··· Material for this exercise

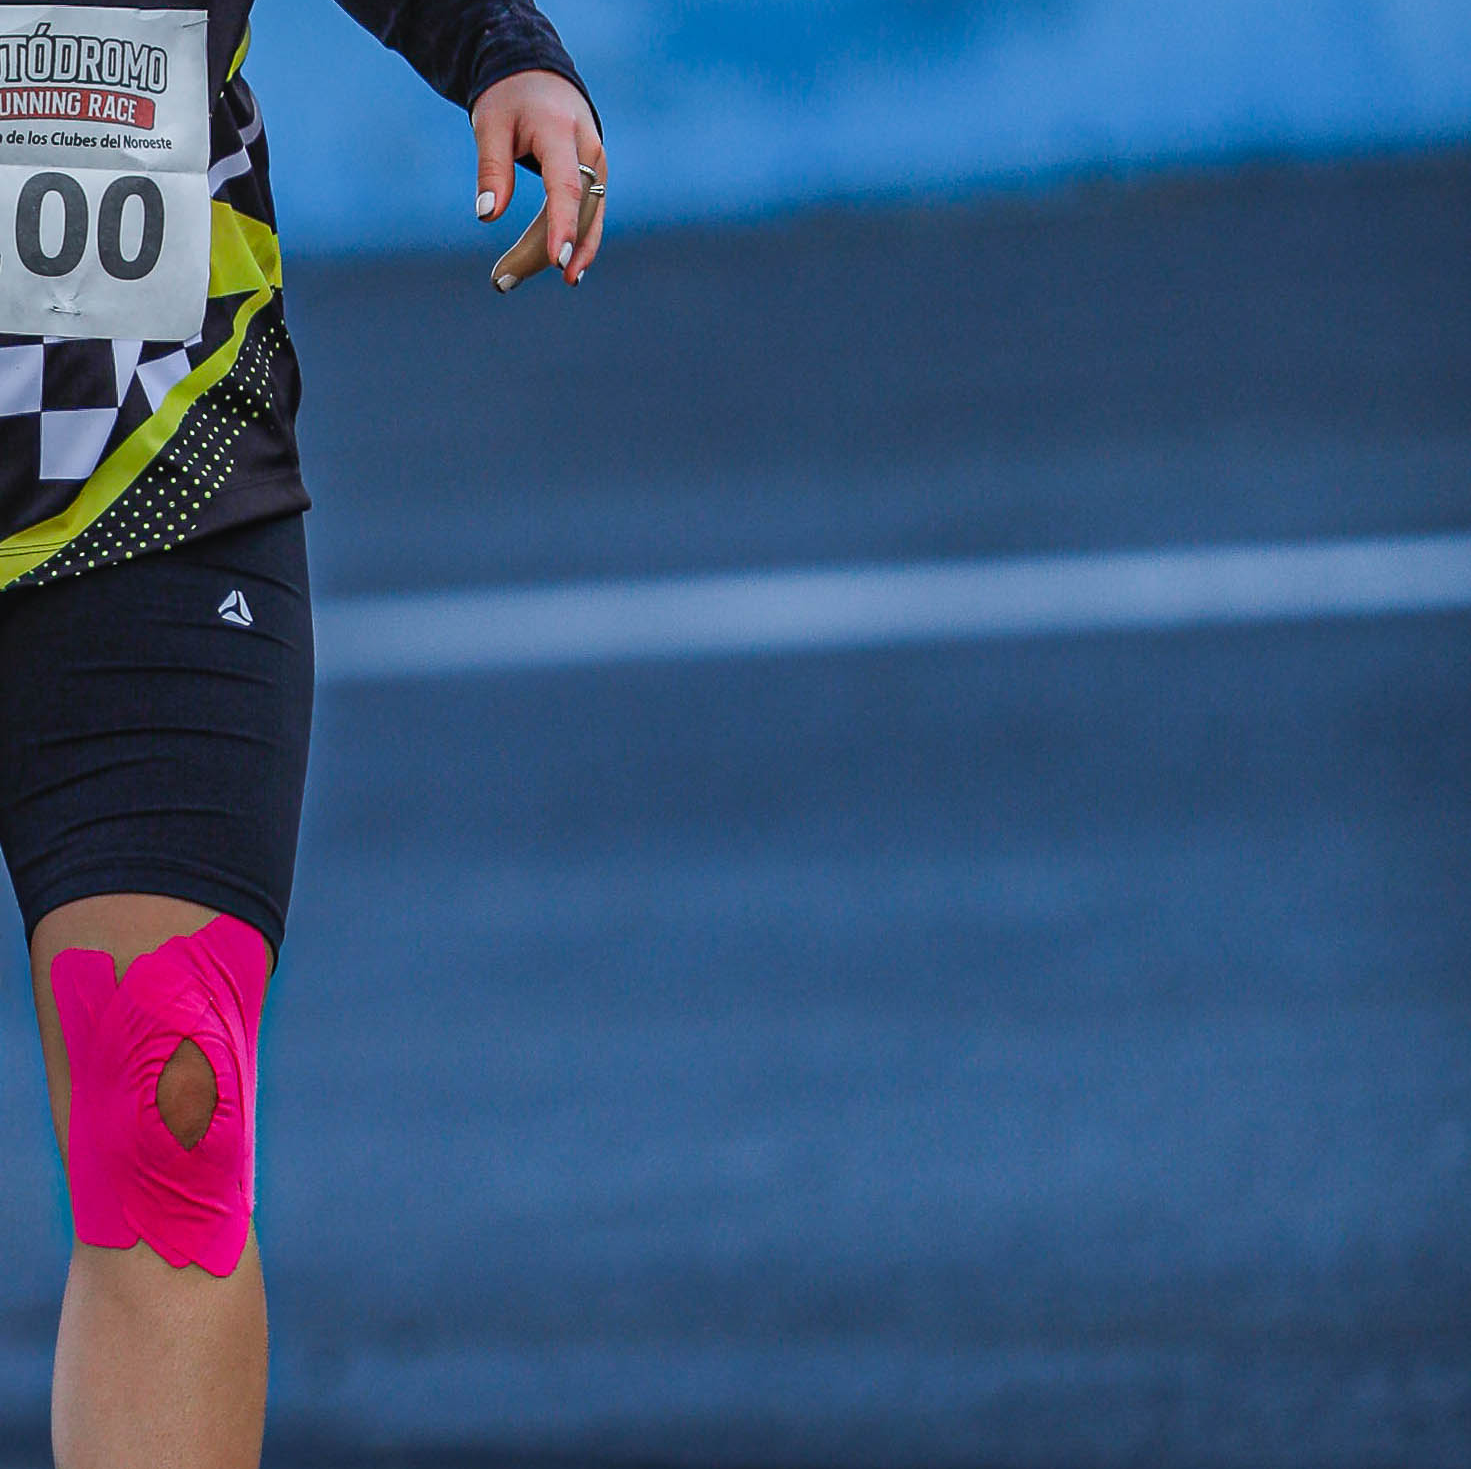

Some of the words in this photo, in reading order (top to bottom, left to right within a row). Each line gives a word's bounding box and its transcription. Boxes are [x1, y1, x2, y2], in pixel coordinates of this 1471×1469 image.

[89, 93, 137, 124] RACE
[6, 131, 25, 145] de
[28, 131, 48, 146] los
[50, 132, 97, 148] Clubes
[100, 134, 121, 149] del
[123, 136, 172, 150] Noroeste
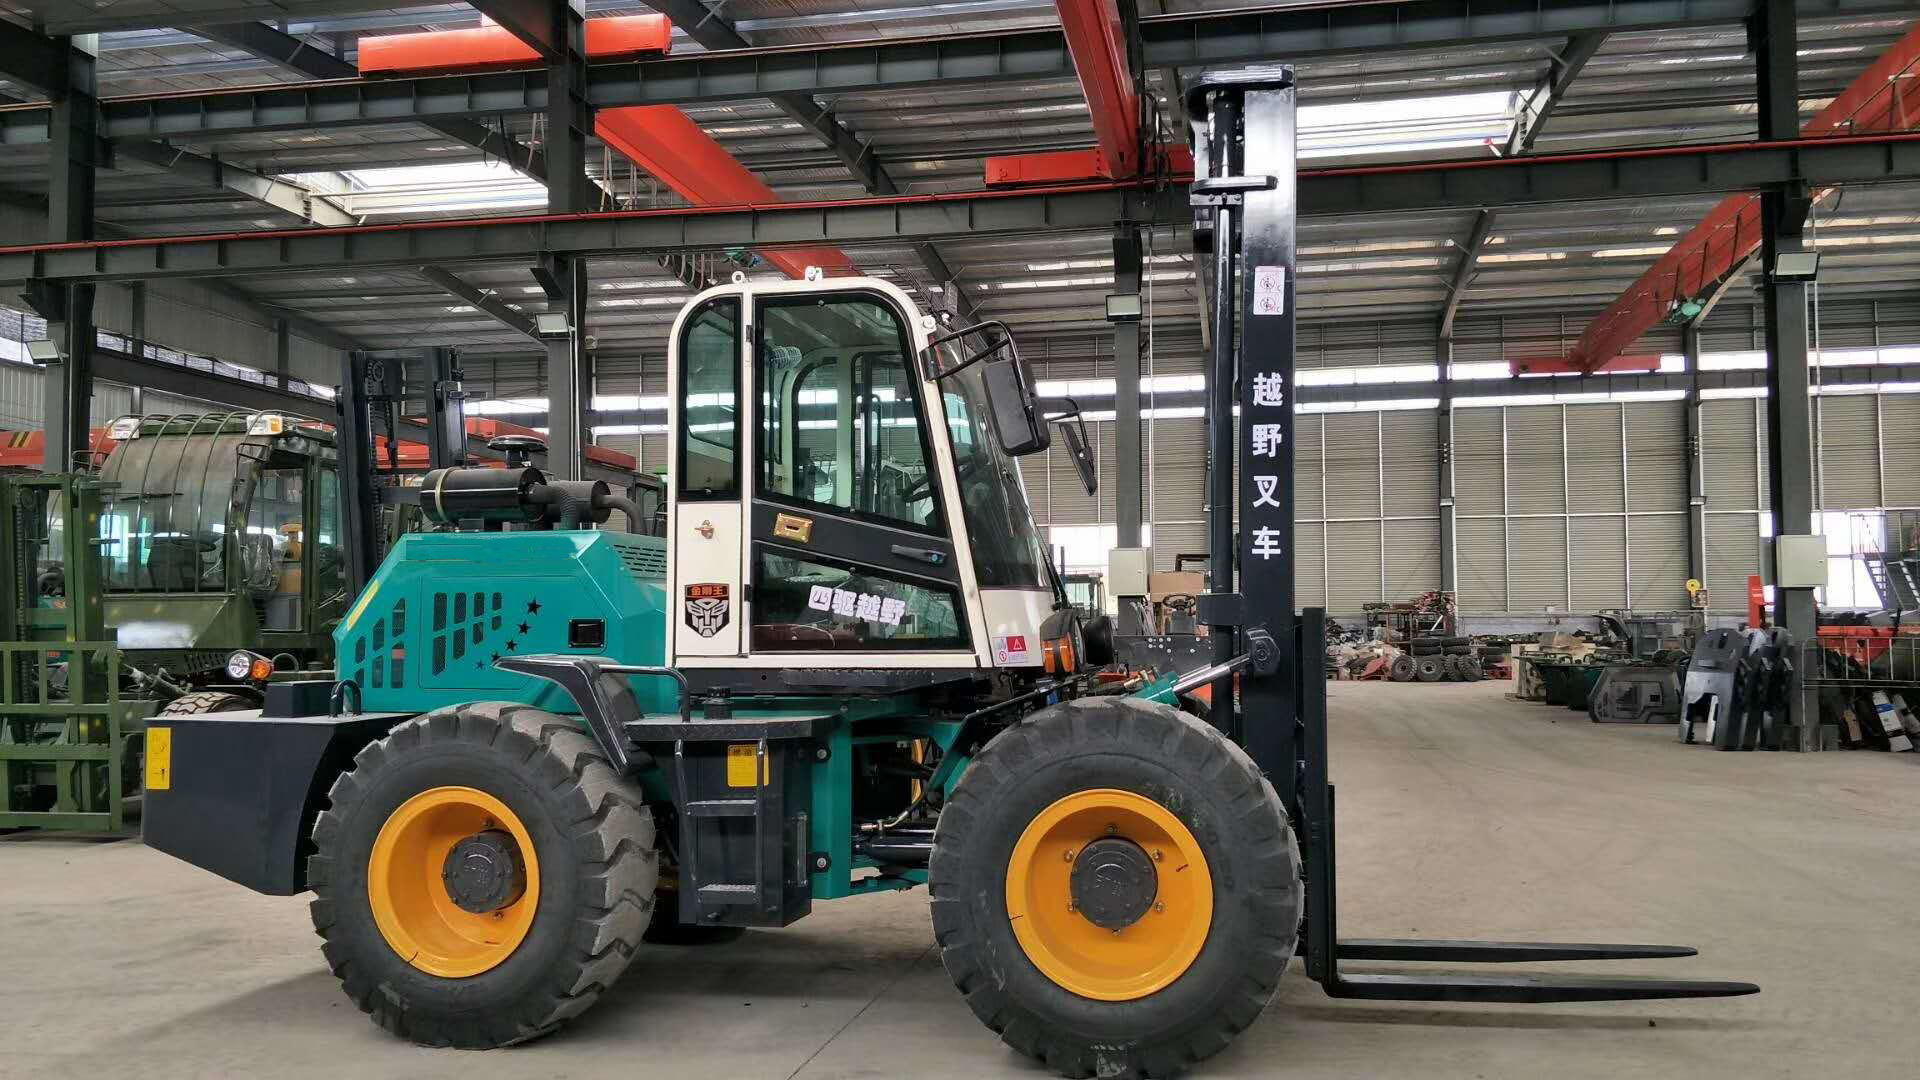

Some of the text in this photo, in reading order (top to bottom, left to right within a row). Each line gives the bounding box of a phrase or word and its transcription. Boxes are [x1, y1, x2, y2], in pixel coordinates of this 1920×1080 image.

[1252, 372, 1283, 560] 越野叉车
[808, 585, 905, 626] 四驱越野
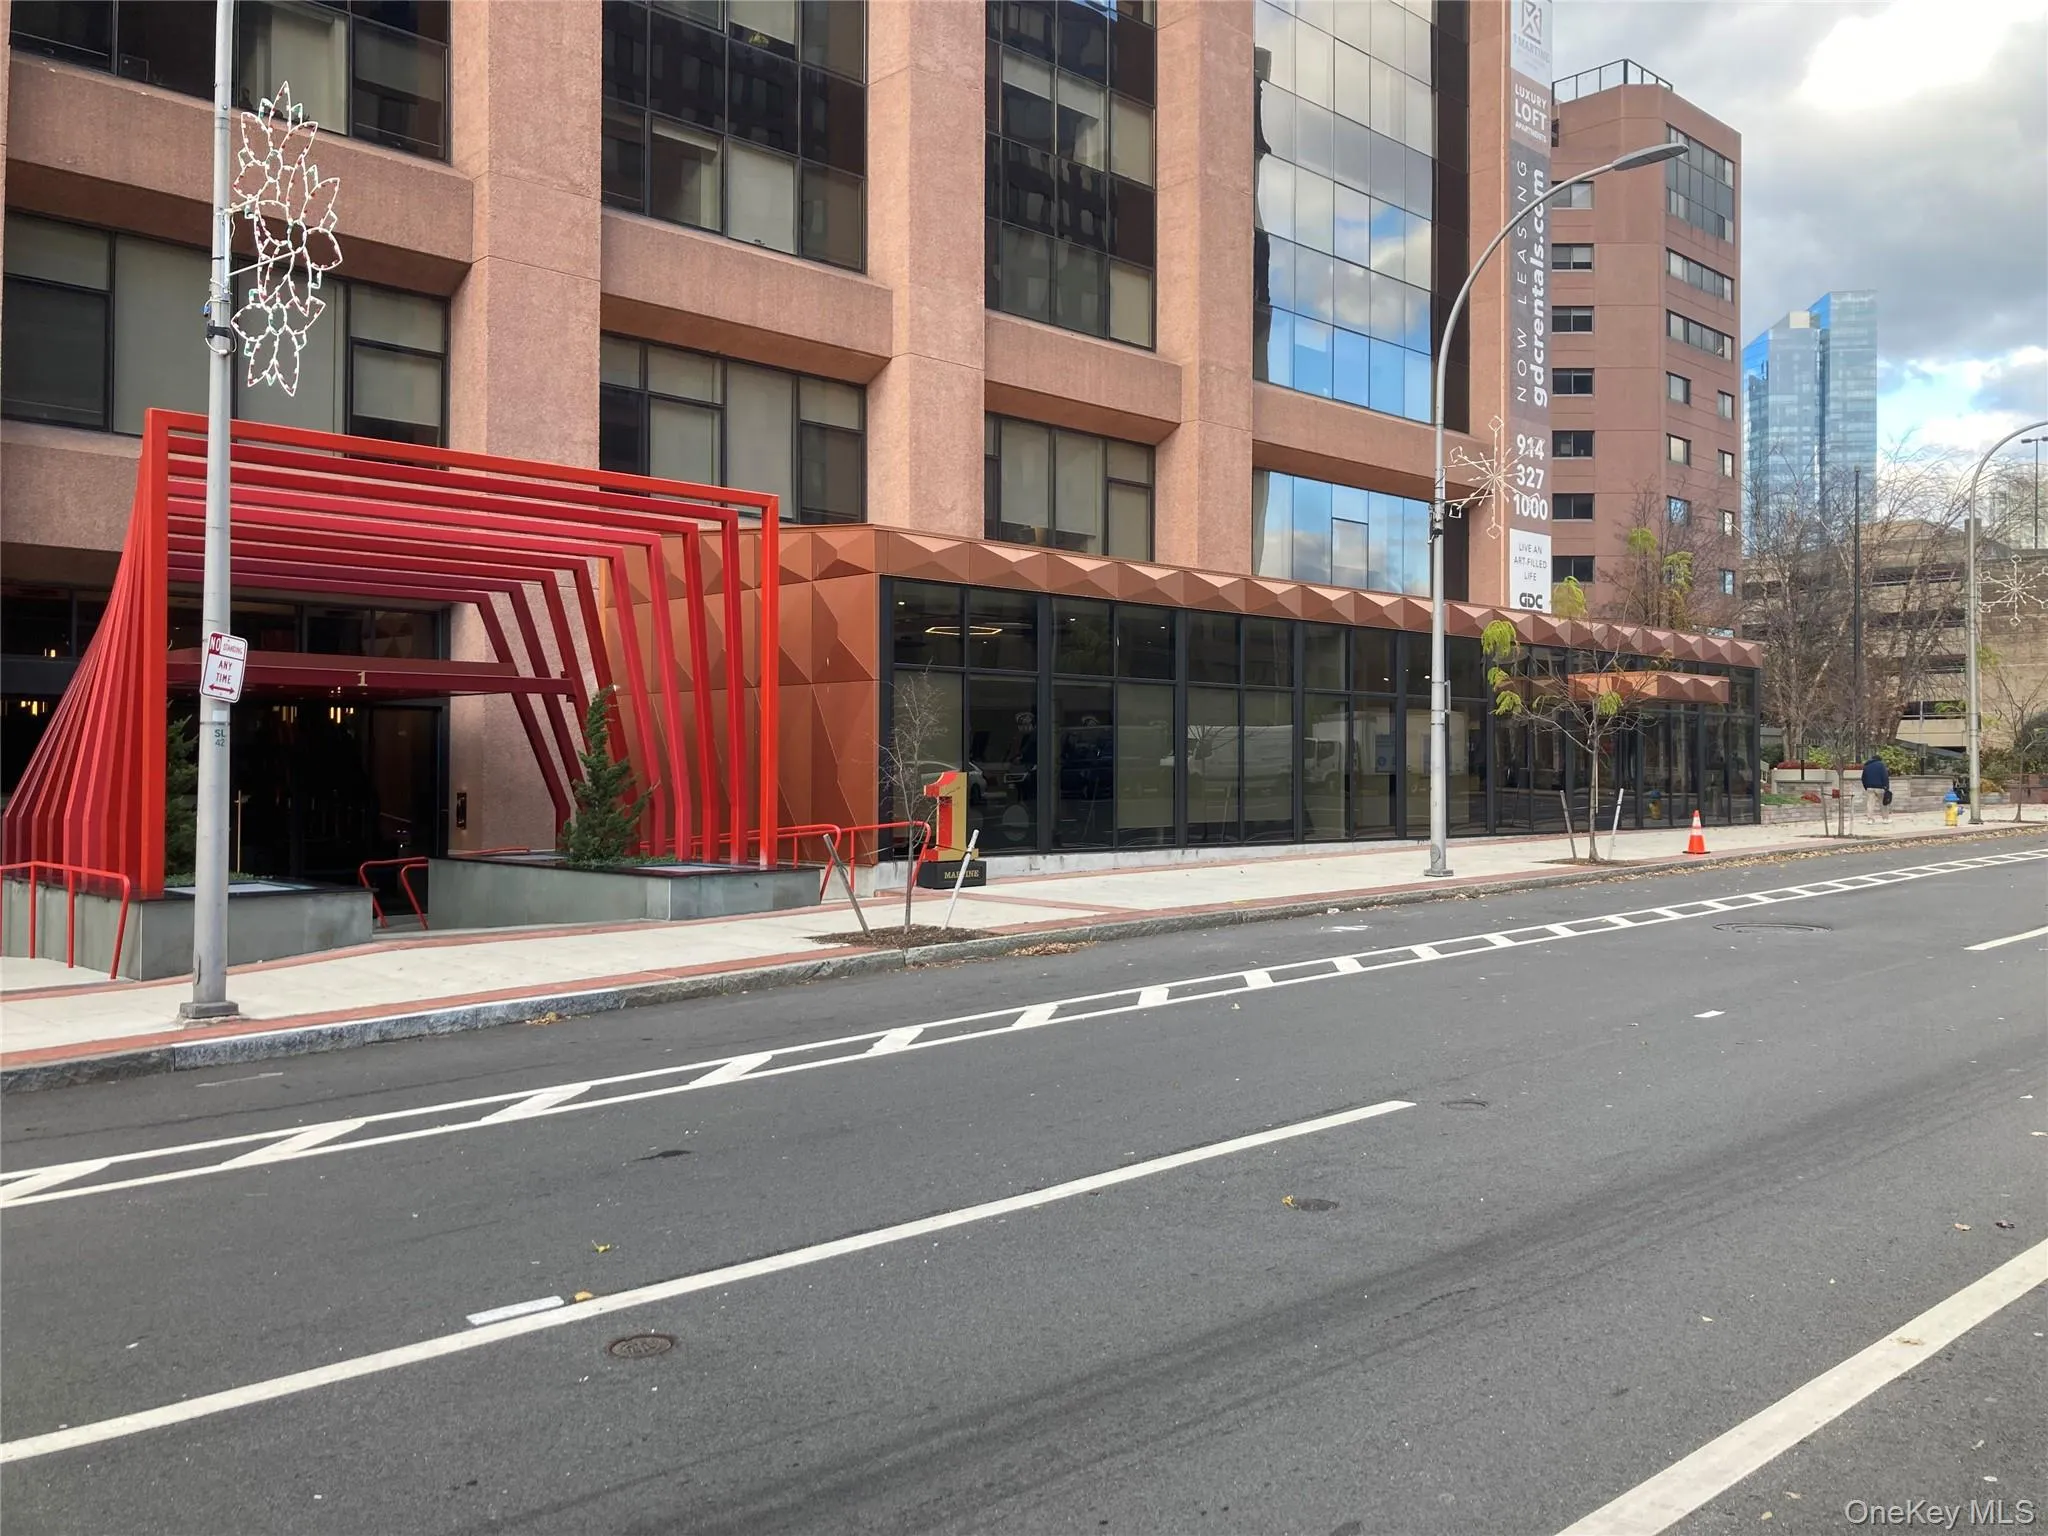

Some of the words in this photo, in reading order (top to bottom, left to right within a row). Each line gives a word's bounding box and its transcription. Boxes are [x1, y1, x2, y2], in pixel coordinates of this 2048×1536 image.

[1518, 36, 1550, 63] MARTINE
[1515, 84, 1547, 109] LUXURY
[1515, 98, 1547, 130] LOFT
[1515, 121, 1547, 143] APARTMENTS
[1516, 160, 1528, 304] LEASNG
[1530, 169, 1548, 407] gdcrentals.com
[1516, 328, 1528, 402] NOW
[1517, 434, 1545, 460] 914
[1516, 464, 1545, 489] 327
[1513, 493, 1548, 520] 1000
[1518, 543, 1532, 553] LIVE
[1533, 545, 1543, 554] AN
[1523, 571, 1537, 581] LIFE
[1519, 592, 1543, 609] GDC
[209, 636, 221, 652] NO
[222, 643, 244, 655] STANDING
[217, 659, 233, 671] ANY
[215, 672, 233, 685] TIME
[357, 670, 368, 687] 1
[214, 728, 226, 738] SL
[214, 738, 226, 748] 42
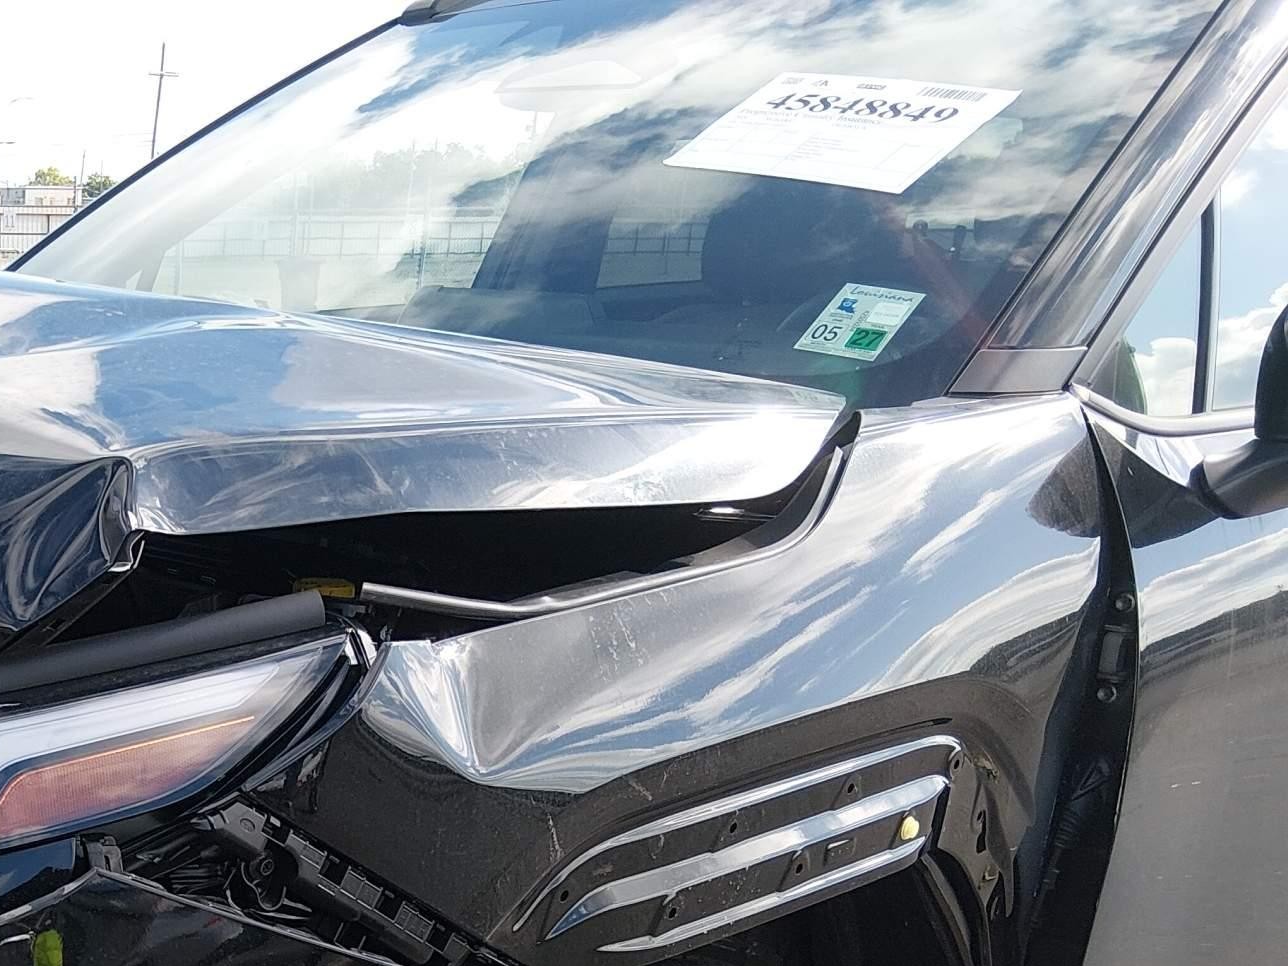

······

◆ **What you will do**
Transcribe all records verbatim, no pictures.

◆ **Finished task**
Some of the words in this photo, in reading order (top to bottom, left to right within a row). Each line gives a word's bounding box and its transcription. Boxes are [x1, y1, x2, y2], in pixel coordinates of this 1471×1469 image.

[89, 93, 137, 124] RACE
[6, 131, 25, 145] de
[28, 131, 48, 146] los
[50, 132, 97, 148] Clubes
[100, 134, 121, 149] del
[123, 136, 172, 150] Noroeste

Some of the text in this photo, in reading order (top to bottom, left to right within a row). Each line gives the bounding box of a phrase or word and its transcription. Boxes are [x1, y1, x2, y2], in pixel coordinates of this 1920×1080 image.

[1252, 372, 1283, 560] 越野叉车
[808, 585, 905, 626] 四驱越野

Some of the words in this photo, in reading order (top to bottom, left to right within a row). Each line gives a word's bounding box and its transcription. Boxes are [x1, y1, x2, y2], in pixel coordinates of this 2048×1536 image.

[1518, 36, 1550, 63] MARTINE
[1515, 84, 1547, 109] LUXURY
[1515, 98, 1547, 130] LOFT
[1515, 121, 1547, 143] APARTMENTS
[1516, 160, 1528, 304] LEASNG
[1530, 169, 1548, 407] gdcrentals.com
[1516, 328, 1528, 402] NOW
[1517, 434, 1545, 460] 914
[1516, 464, 1545, 489] 327
[1513, 493, 1548, 520] 1000
[1518, 543, 1532, 553] LIVE
[1533, 545, 1543, 554] AN
[1523, 571, 1537, 581] LIFE
[1519, 592, 1543, 609] GDC
[209, 636, 221, 652] NO
[222, 643, 244, 655] STANDING
[217, 659, 233, 671] ANY
[215, 672, 233, 685] TIME
[357, 670, 368, 687] 1
[214, 728, 226, 738] SL
[214, 738, 226, 748] 42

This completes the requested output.